⟨

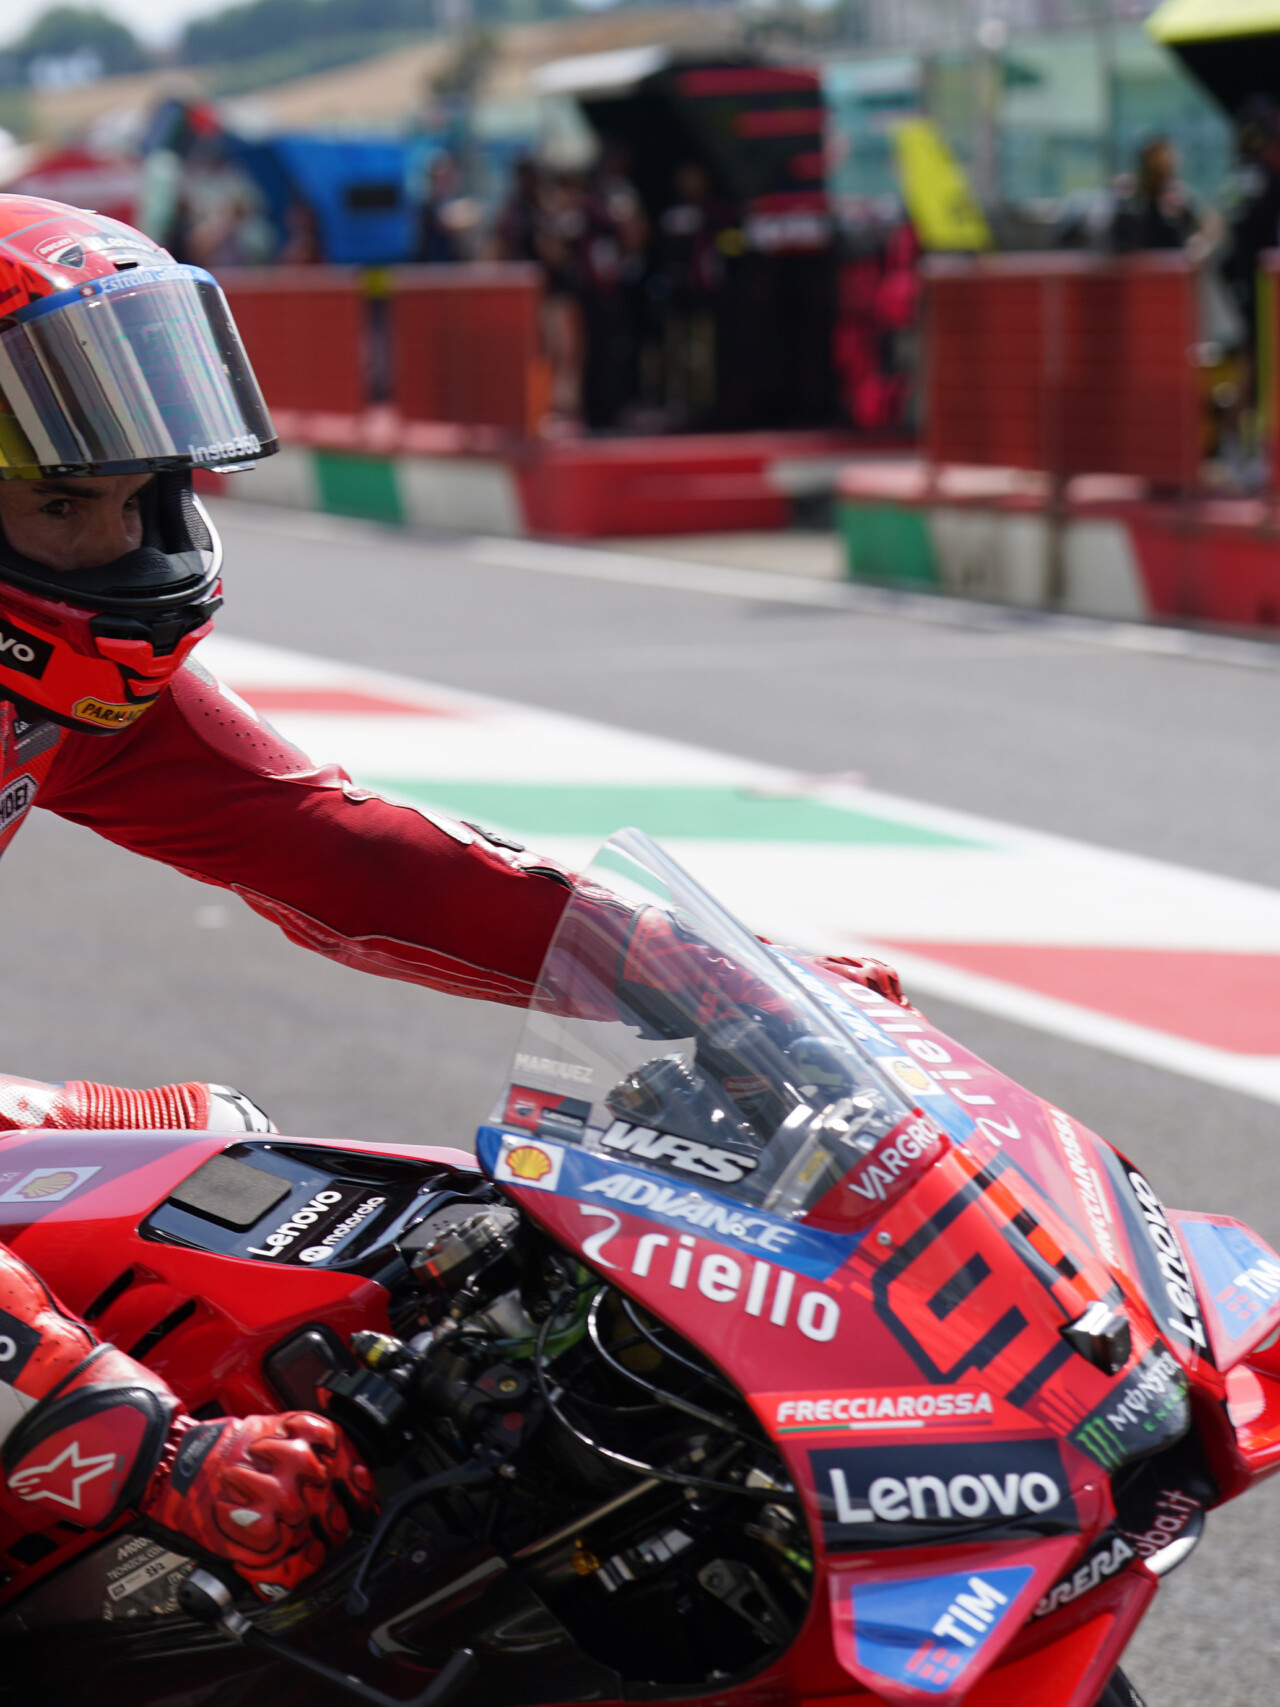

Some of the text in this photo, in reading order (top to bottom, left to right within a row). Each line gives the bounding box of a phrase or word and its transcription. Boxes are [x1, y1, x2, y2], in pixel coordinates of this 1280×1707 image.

[188, 434, 262, 463] Insta360
[599, 1120, 758, 1183] WRS
[246, 1190, 343, 1258] Lenovo
[322, 1196, 388, 1246] motorola
[580, 1173, 798, 1254] ADVANCE
[631, 1231, 841, 1343] riello
[1128, 1171, 1207, 1349] Lenovo
[777, 1391, 994, 1423] FRECCIAROSSA
[1106, 1350, 1183, 1432] MONSTER
[829, 1468, 1061, 1524] Lenovo
[933, 1577, 1009, 1648] TIM
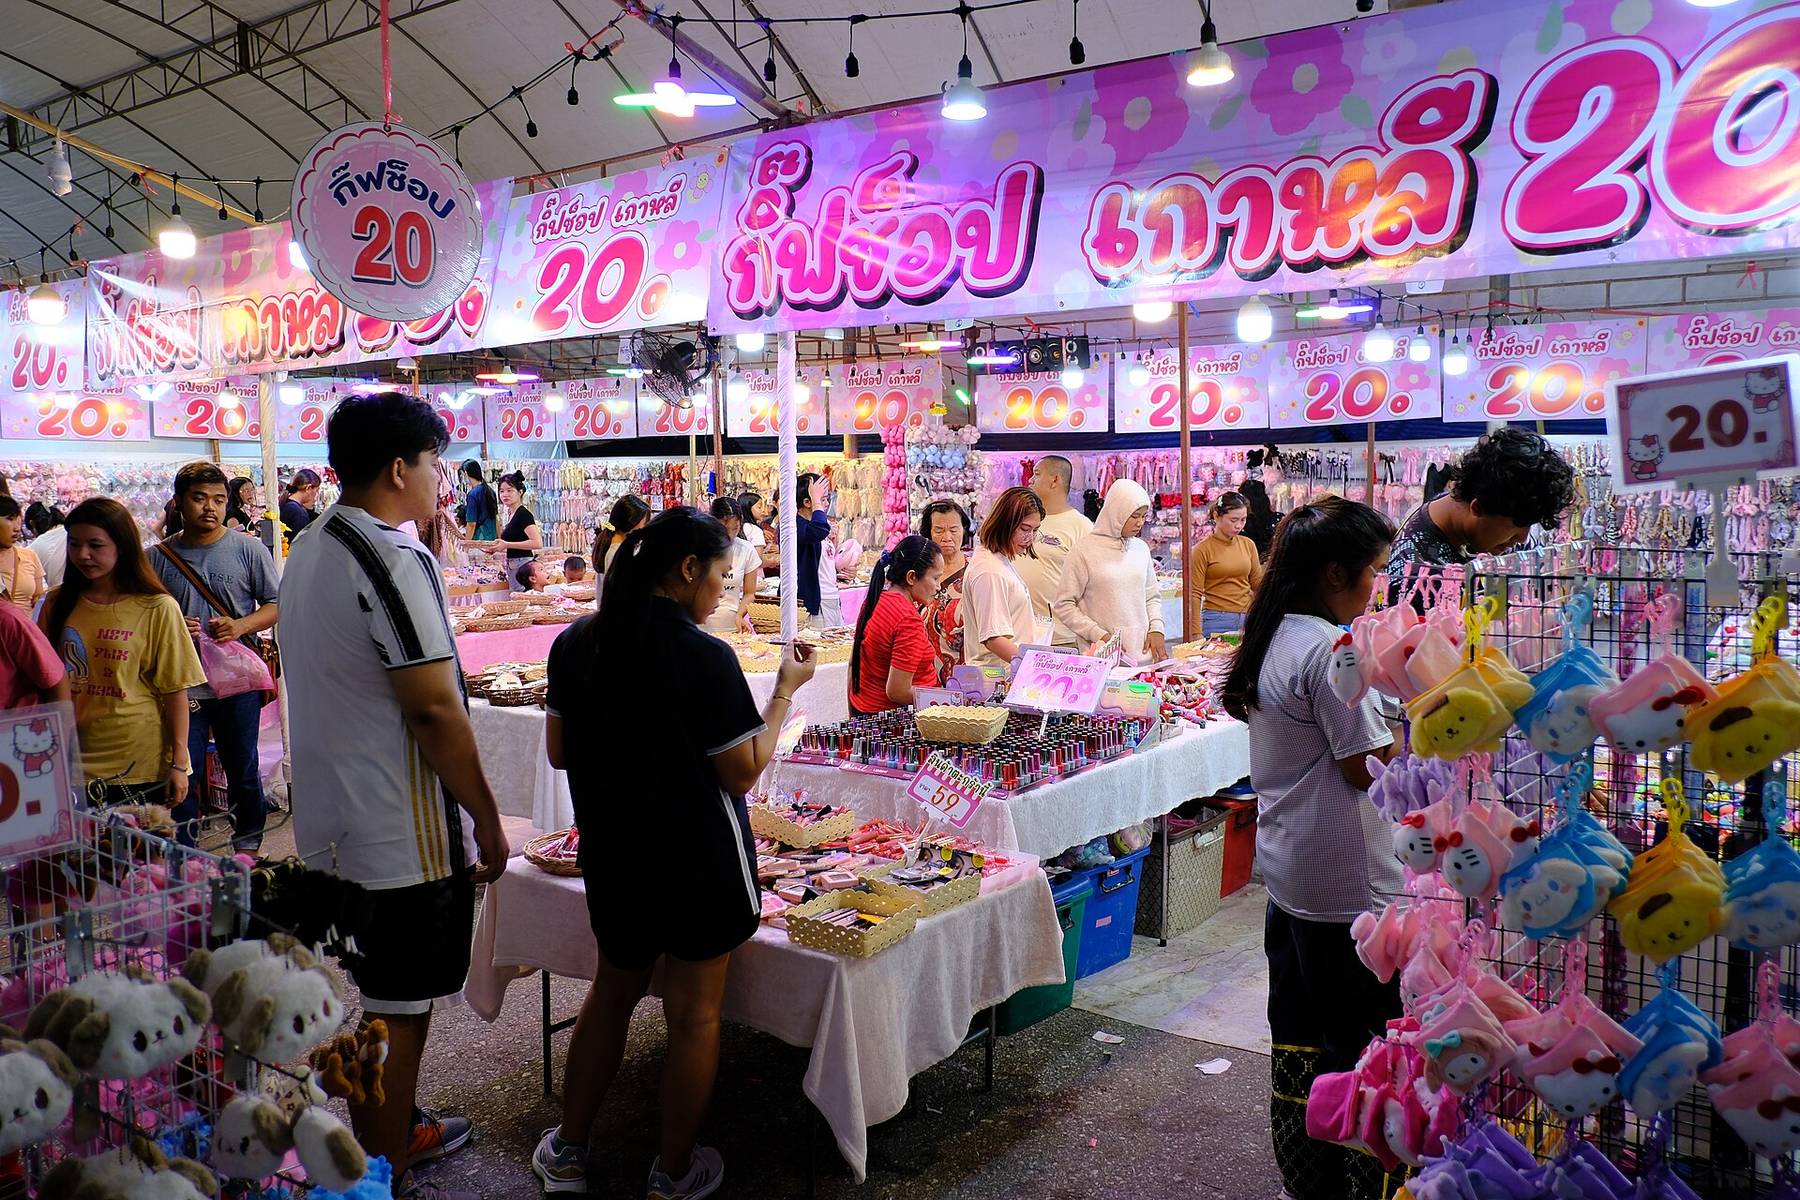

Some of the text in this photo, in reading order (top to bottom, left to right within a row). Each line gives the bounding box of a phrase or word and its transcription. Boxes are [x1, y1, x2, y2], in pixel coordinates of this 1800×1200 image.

[328, 159, 456, 219] กิ๊ฟช็อป
[613, 178, 684, 224] เกาหลี
[1083, 70, 1498, 288] เกาหลี
[352, 205, 437, 289] 20
[1196, 353, 1241, 374] เกาหลี
[1550, 331, 1610, 353] เกาหลี
[1665, 399, 1768, 453] 20.
[930, 785, 960, 812] 59
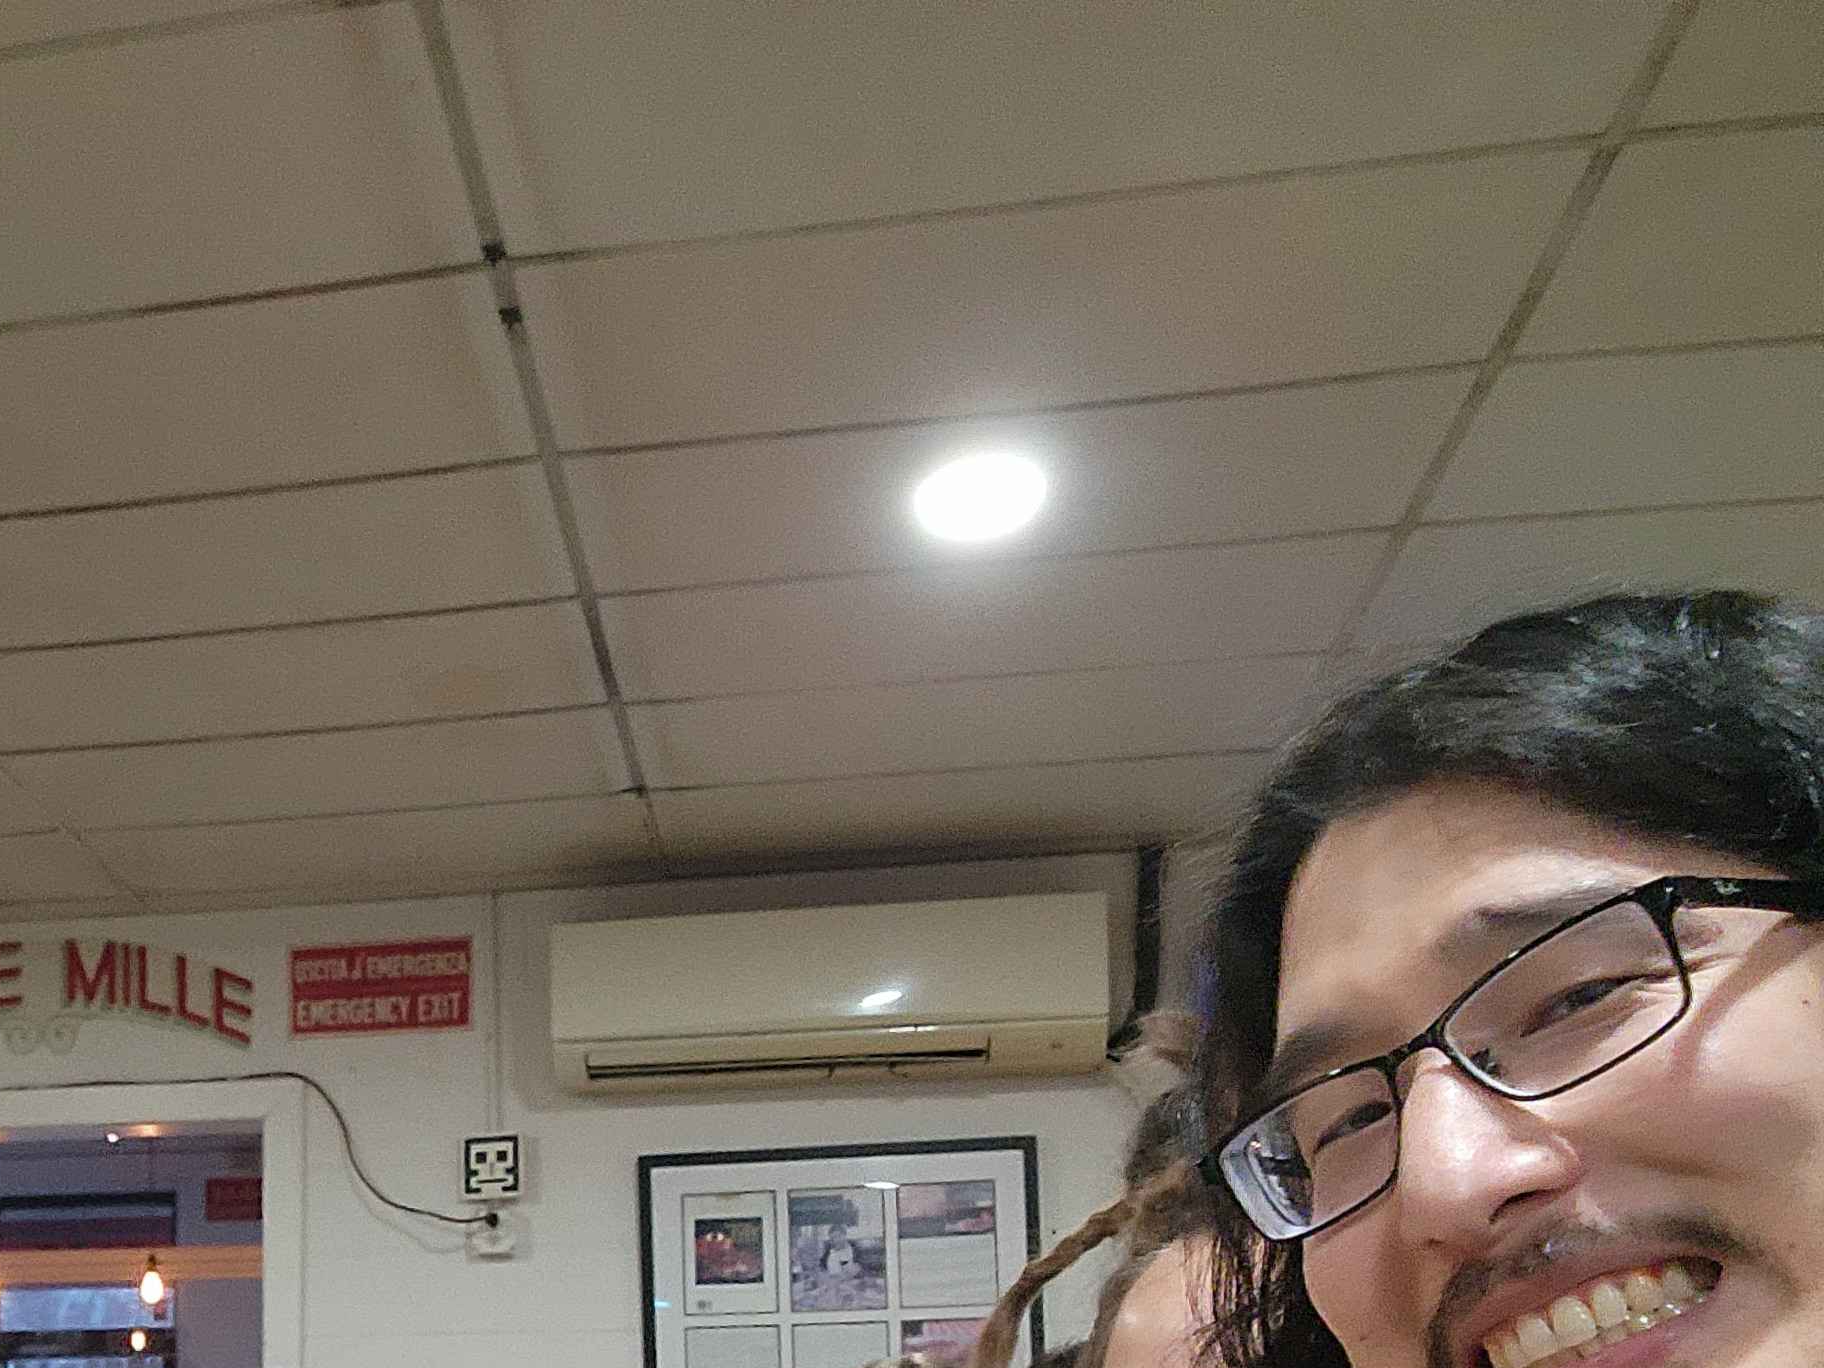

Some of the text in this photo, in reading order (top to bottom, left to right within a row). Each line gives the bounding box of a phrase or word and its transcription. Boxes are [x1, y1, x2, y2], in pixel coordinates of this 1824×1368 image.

[64, 938, 254, 1046] MILLE
[297, 992, 462, 1029] EMERGENCY EXIT

⟩

### WHAT TO PRODUCE
Apart from the images, every line above is to be given again exactly.

### OUTPUT OF THE EXERCISE
Some of the text in this photo, in reading order (top to bottom, left to right within a row). Each line gives the bounding box of a phrase or word and its transcription. Boxes are [x1, y1, x2, y2], in pixel coordinates of this 1280×1707 image.

[188, 434, 262, 463] Insta360
[599, 1120, 758, 1183] WRS
[246, 1190, 343, 1258] Lenovo
[322, 1196, 388, 1246] motorola
[580, 1173, 798, 1254] ADVANCE
[631, 1231, 841, 1343] riello
[1128, 1171, 1207, 1349] Lenovo
[777, 1391, 994, 1423] FRECCIAROSSA
[1106, 1350, 1183, 1432] MONSTER
[829, 1468, 1061, 1524] Lenovo
[933, 1577, 1009, 1648] TIM

Some of the text in this photo, in reading order (top to bottom, left to right within a row). Each line gives the bounding box of a phrase or word and its transcription. Boxes are [x1, y1, x2, y2], in pixel coordinates of this 1800×1200 image.

[328, 159, 456, 219] กิ๊ฟช็อป
[613, 178, 684, 224] เกาหลี
[1083, 70, 1498, 288] เกาหลี
[352, 205, 437, 289] 20
[1196, 353, 1241, 374] เกาหลี
[1550, 331, 1610, 353] เกาหลี
[1665, 399, 1768, 453] 20.
[930, 785, 960, 812] 59

Some of the text in this photo, in reading order (top to bottom, left to right within a row). Each line gives the bounding box of a phrase or word and its transcription. Boxes are [x1, y1, x2, y2], in pixel coordinates of this 1824×1368 image.

[64, 938, 254, 1046] MILLE
[297, 992, 462, 1029] EMERGENCY EXIT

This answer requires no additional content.